Reputation: 85
Here is the sample dataframe:
df <- data.frame(
id = c("A", "A", "A", "A", "B", "B", "B", "B"),
num = c(1, NA, 6, 3, 7, NA , NA, 2))
How do I get forward and backward difference between rows over id category? There should be two new columns: one difference between between current raw and previous, and the other should be difference between current raw and next raw.
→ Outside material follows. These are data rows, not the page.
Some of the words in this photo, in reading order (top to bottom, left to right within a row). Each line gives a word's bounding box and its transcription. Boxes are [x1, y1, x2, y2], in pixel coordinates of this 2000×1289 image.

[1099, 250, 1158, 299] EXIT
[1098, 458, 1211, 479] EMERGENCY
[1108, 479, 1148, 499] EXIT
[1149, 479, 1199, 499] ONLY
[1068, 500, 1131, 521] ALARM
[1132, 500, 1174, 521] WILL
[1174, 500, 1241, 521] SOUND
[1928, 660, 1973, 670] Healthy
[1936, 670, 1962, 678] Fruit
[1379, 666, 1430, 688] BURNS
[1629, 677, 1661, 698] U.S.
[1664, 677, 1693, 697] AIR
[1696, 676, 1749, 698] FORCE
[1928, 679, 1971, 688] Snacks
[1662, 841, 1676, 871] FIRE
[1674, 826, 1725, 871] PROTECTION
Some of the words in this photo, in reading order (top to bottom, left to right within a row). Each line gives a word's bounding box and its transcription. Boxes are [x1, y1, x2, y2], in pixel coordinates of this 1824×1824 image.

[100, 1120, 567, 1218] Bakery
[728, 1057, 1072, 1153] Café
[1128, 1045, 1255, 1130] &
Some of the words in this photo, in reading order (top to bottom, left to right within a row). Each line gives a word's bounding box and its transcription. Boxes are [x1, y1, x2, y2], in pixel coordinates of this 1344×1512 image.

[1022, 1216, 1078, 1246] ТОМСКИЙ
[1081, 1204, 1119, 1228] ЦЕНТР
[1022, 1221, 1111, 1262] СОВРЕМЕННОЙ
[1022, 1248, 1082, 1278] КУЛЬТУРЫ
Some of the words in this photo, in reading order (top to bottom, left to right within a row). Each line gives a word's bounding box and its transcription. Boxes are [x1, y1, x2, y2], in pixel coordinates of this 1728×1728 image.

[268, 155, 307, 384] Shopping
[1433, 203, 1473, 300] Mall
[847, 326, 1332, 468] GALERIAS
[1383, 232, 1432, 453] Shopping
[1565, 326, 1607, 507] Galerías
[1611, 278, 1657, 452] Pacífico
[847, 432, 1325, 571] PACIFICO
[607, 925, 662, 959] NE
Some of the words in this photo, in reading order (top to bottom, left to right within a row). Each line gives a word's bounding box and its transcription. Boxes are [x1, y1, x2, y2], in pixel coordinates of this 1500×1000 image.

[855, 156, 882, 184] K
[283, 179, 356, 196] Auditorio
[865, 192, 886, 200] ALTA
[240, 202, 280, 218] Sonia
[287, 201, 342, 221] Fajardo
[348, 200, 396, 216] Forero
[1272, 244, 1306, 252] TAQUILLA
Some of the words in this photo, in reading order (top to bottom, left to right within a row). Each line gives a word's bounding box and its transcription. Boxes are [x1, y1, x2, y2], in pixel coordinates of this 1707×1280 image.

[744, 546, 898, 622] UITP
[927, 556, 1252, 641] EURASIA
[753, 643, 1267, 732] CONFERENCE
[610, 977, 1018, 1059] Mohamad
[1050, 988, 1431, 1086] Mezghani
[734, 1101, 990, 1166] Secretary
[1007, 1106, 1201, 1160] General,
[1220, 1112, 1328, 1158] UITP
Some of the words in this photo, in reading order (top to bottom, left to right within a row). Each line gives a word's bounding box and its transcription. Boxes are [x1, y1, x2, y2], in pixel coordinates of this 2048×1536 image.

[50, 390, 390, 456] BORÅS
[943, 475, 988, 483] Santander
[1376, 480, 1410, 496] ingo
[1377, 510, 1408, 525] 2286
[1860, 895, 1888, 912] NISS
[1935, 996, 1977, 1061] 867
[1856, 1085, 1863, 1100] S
If the previous raw is NA then it should calculate the difference between current row and the first previous raw that contains real number. The same holds for the other forward difference case.
Many thanks!!
Upvotes: 1
Views: 367
Reputation: 28695
require(magrittr)
df$backdiff <- c(NA, sapply(2:nrow(df),
function(i){
df$num[i] - df$num[(i-1):1] %>% .[!is.na(.)][1]
}))
df$forward.diff <- c(sapply(2:nrow(df) - 1,
function(i){
df$num[i] - df$num[(i+1):nrow(df)] %>% .[!is.na(.)][1]
}), NA)
Upvotes: 1
Reputation: 20095
One solution could be achieved by using fill
function from tidyr
to create two columns (one each for prev and next calculation) where NA
values are removed.
df <- data.frame(
id = c("A", "A", "A", "A", "B", "B", "B", "B"),
num = c(1, NA, 6, 3, 7, NA , NA, 2))
library("tidyverse")
df %>% mutate(dup_num_prv = num, dup_num_nxt = num) %>%
group_by(id) %>%
fill(dup_num_prv, .direction = "down") %>%
fill(dup_num_nxt, .direction = "up") %>%
mutate(prev_diff = ifelse(is.na(num), NA, num - lag(dup_num_prv))) %>%
mutate(next_diff = ifelse(is.na(num), NA, num - lead(dup_num_nxt))) %>%
as.data.frame()
# Result is shown in columns 'prev_diff' and 'next_diff'
# id num dup_num_prv dup_num_nxt prev_diff next_diff
#1 A 1 1 1 NA -5
#2 A NA 1 6 NA NA
#3 A 6 6 6 5 3
#4 A 3 3 3 -3 NA
#5 B 7 7 7 NA 5
#6 B NA 7 2 NA NA
#7 B NA 7 2 NA NA
#8 B 2 2 2 -5 NA
Note: There are few queries which OP needs to clarify. The solution can be fine-tuned afterwards. dup_num_prv
and dup_num_nxt
are kept just for understanding purpose. These column can be removed.
Upvotes: 0